MATERIAL TO PROCESS -
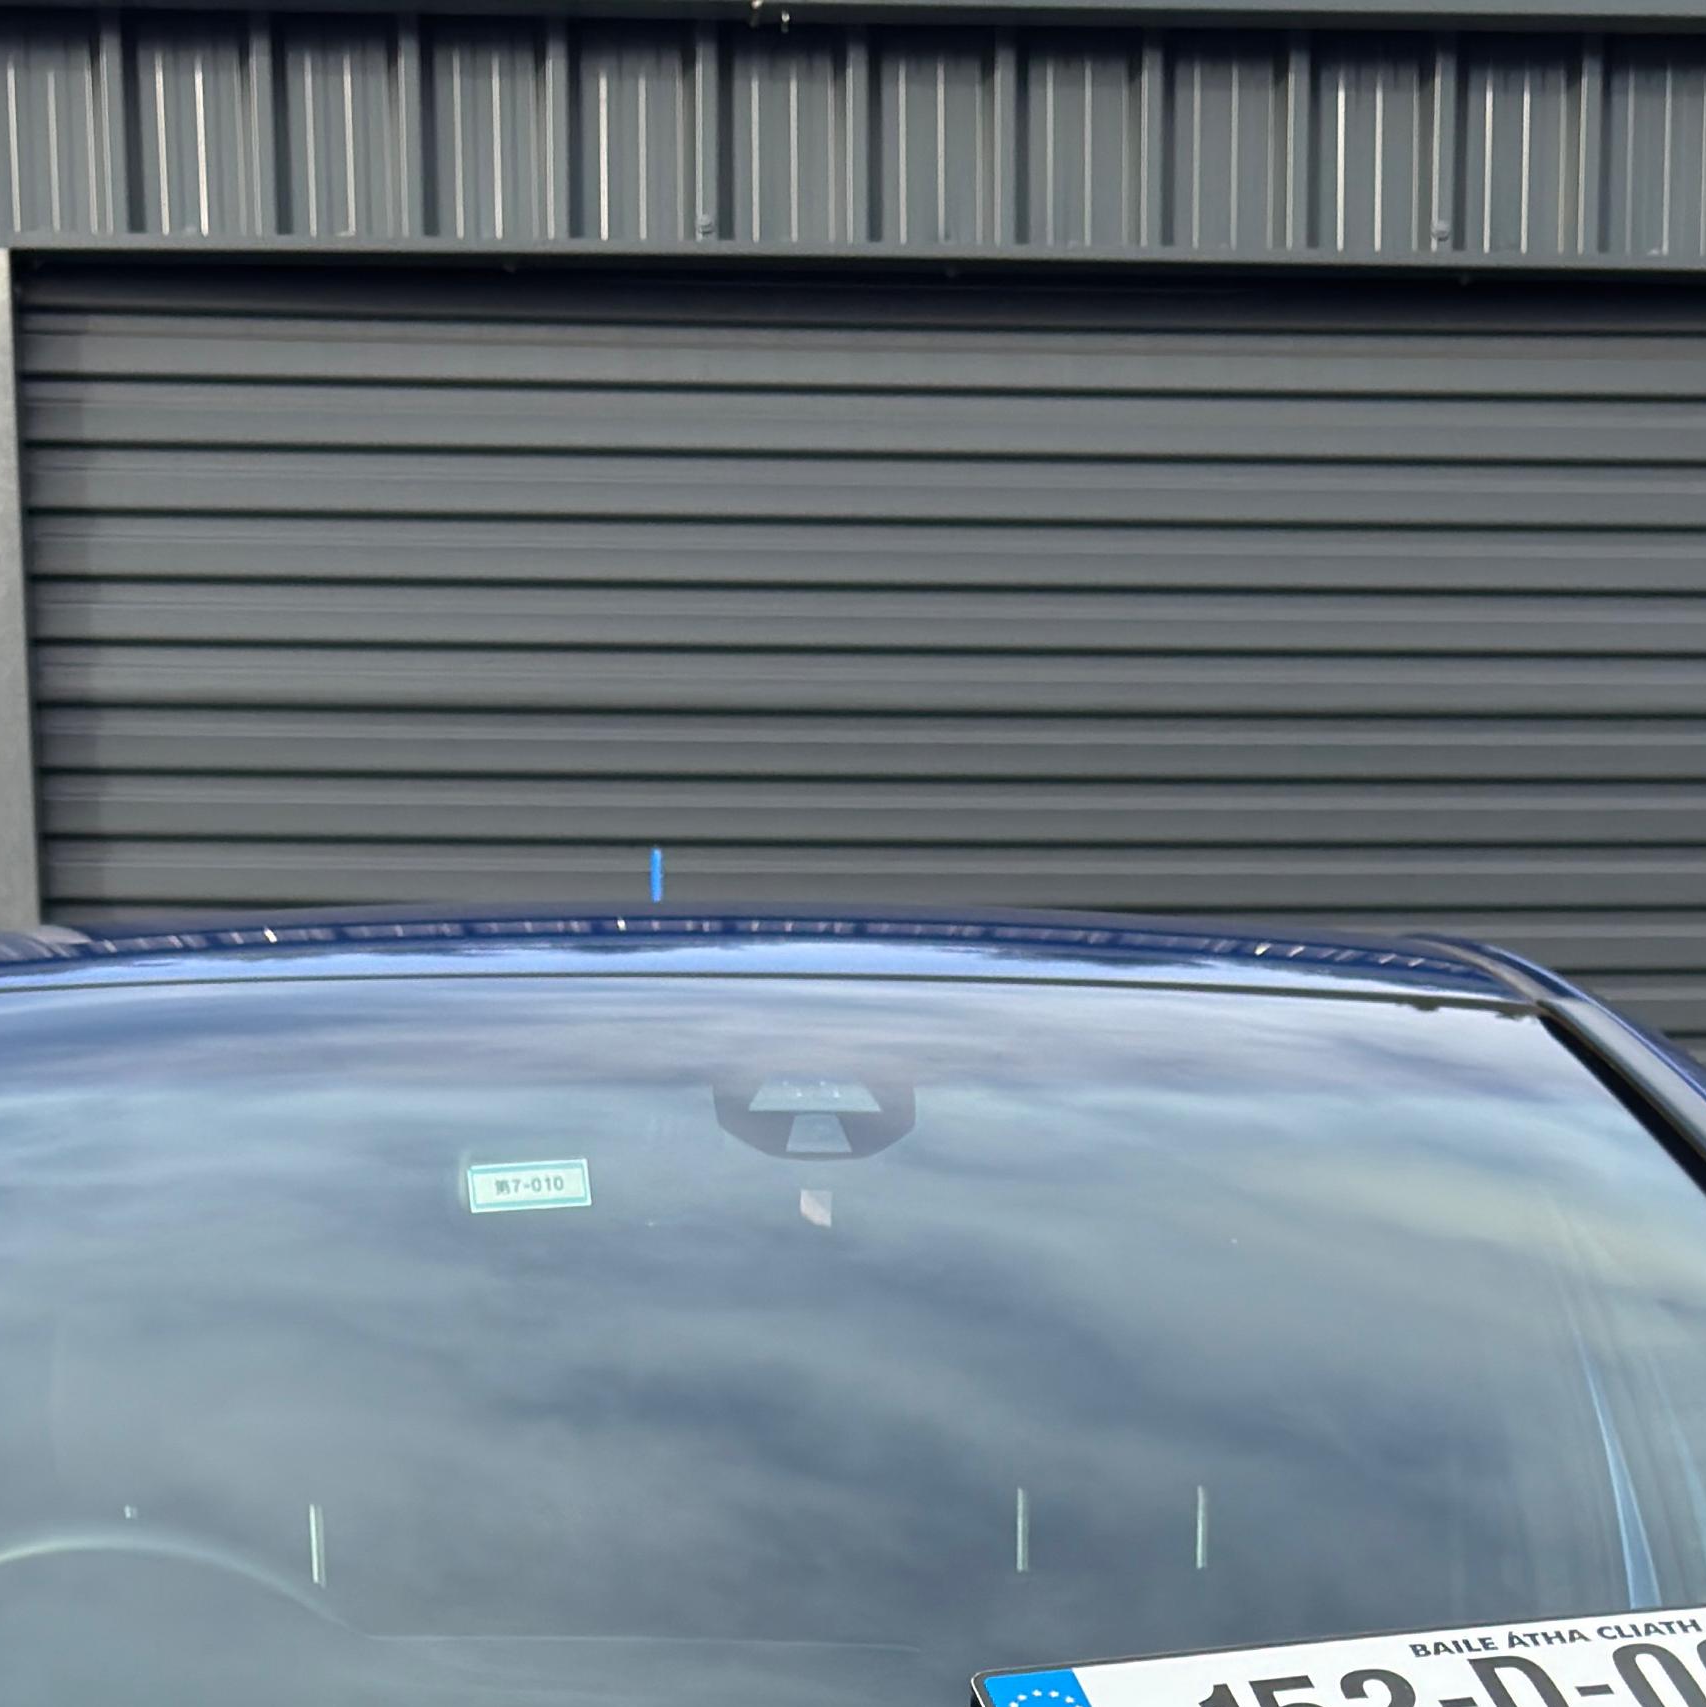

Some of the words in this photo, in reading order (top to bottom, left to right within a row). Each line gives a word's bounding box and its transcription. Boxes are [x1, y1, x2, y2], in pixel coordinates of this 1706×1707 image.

[1408, 1636, 1500, 1658] BAILE
[1507, 1629, 1592, 1650] ÁTHA
[1596, 1618, 1703, 1641] CLIATH
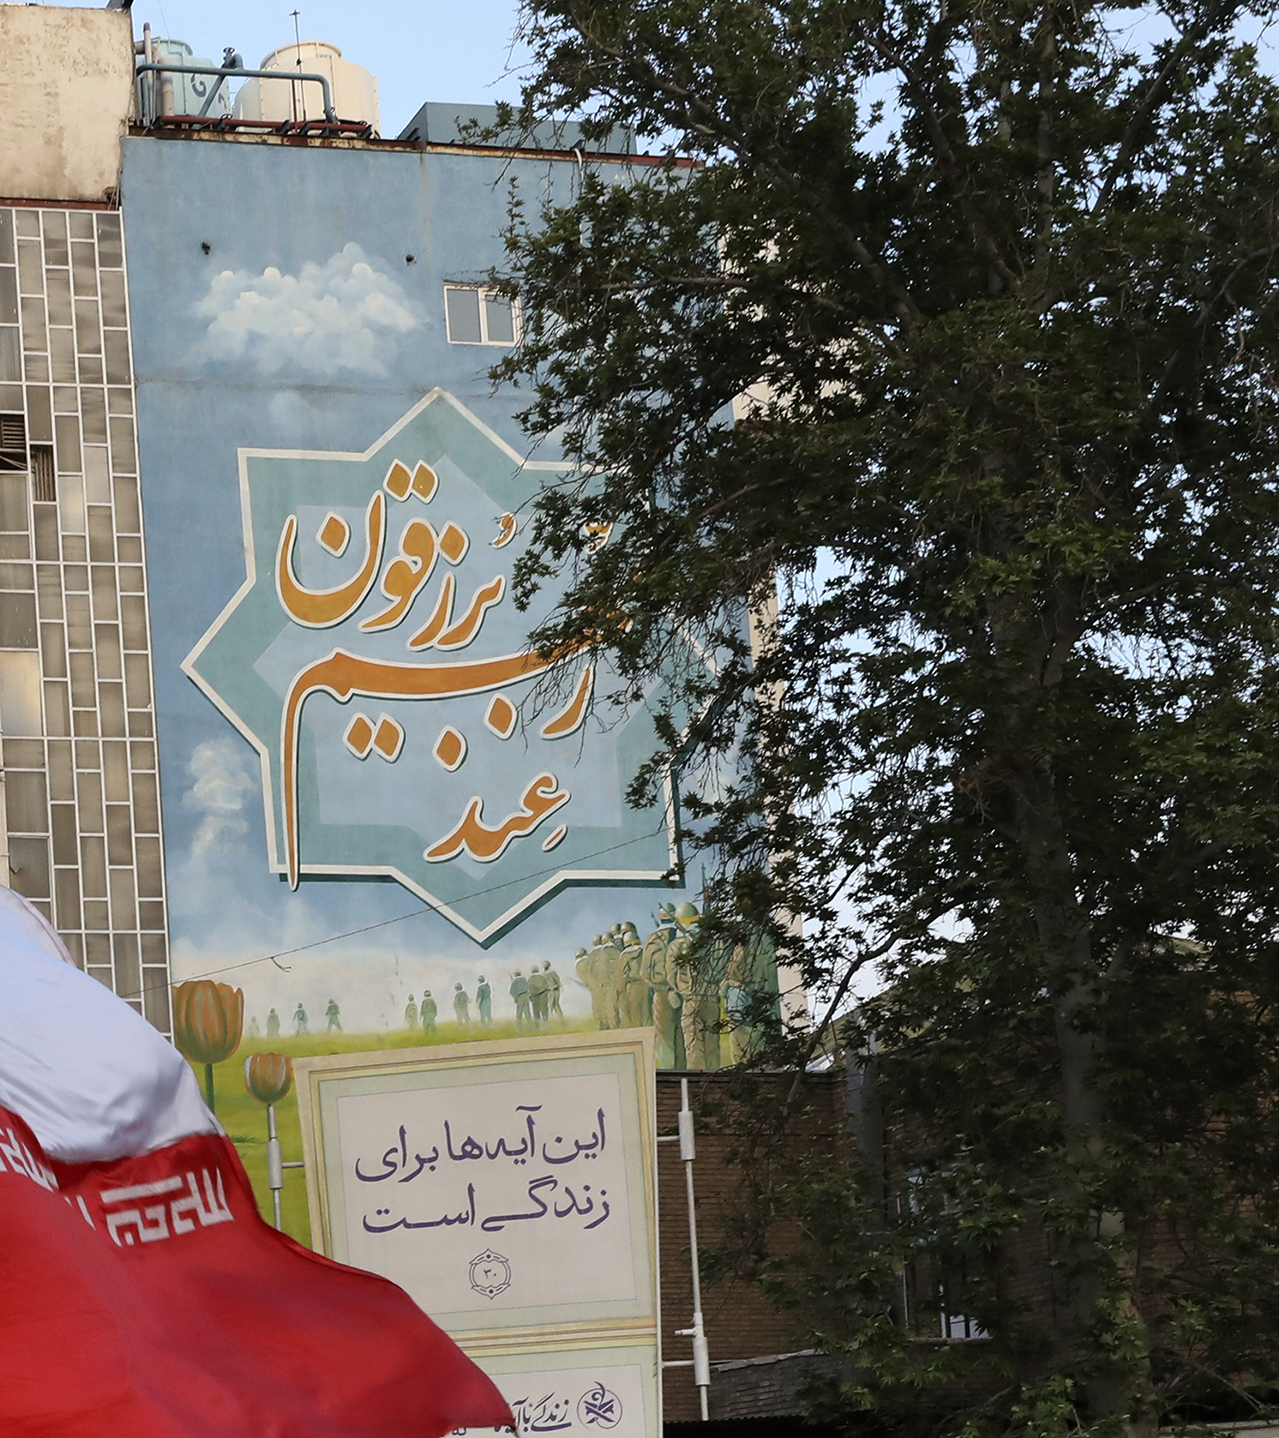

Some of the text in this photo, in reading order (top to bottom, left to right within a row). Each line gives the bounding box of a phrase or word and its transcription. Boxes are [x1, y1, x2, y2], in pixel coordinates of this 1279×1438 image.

[355, 1124, 440, 1184] برای
[542, 1107, 606, 1165] این
[362, 1175, 611, 1234] زندگی است
[483, 1269, 498, 1280] ۳۰
[531, 1391, 572, 1432] زندگی

TASK TO COMPLETE - Exact copy, no pictures: write out all the records above.

ANSWER TO THIS EXERCISE -
Some of the words in this photo, in reading order (top to bottom, left to right within a row). Each line gives a word's bounding box and its transcription. Boxes are [x1, y1, x2, y2], in pixel coordinates of this 1706×1707 image.

[1408, 1636, 1500, 1658] BAILE
[1507, 1629, 1592, 1650] ÁTHA
[1596, 1618, 1703, 1641] CLIATH

Some of the text in this photo, in reading order (top to bottom, left to right within a row). Each line gives the bounding box of a phrase or word and its transcription. Boxes are [x1, y1, x2, y2], in pixel coordinates of this 1279×1438 image.

[355, 1124, 440, 1184] برای
[542, 1107, 606, 1165] این
[362, 1175, 611, 1234] زندگی است
[483, 1269, 498, 1280] ۳۰
[531, 1391, 572, 1432] زندگی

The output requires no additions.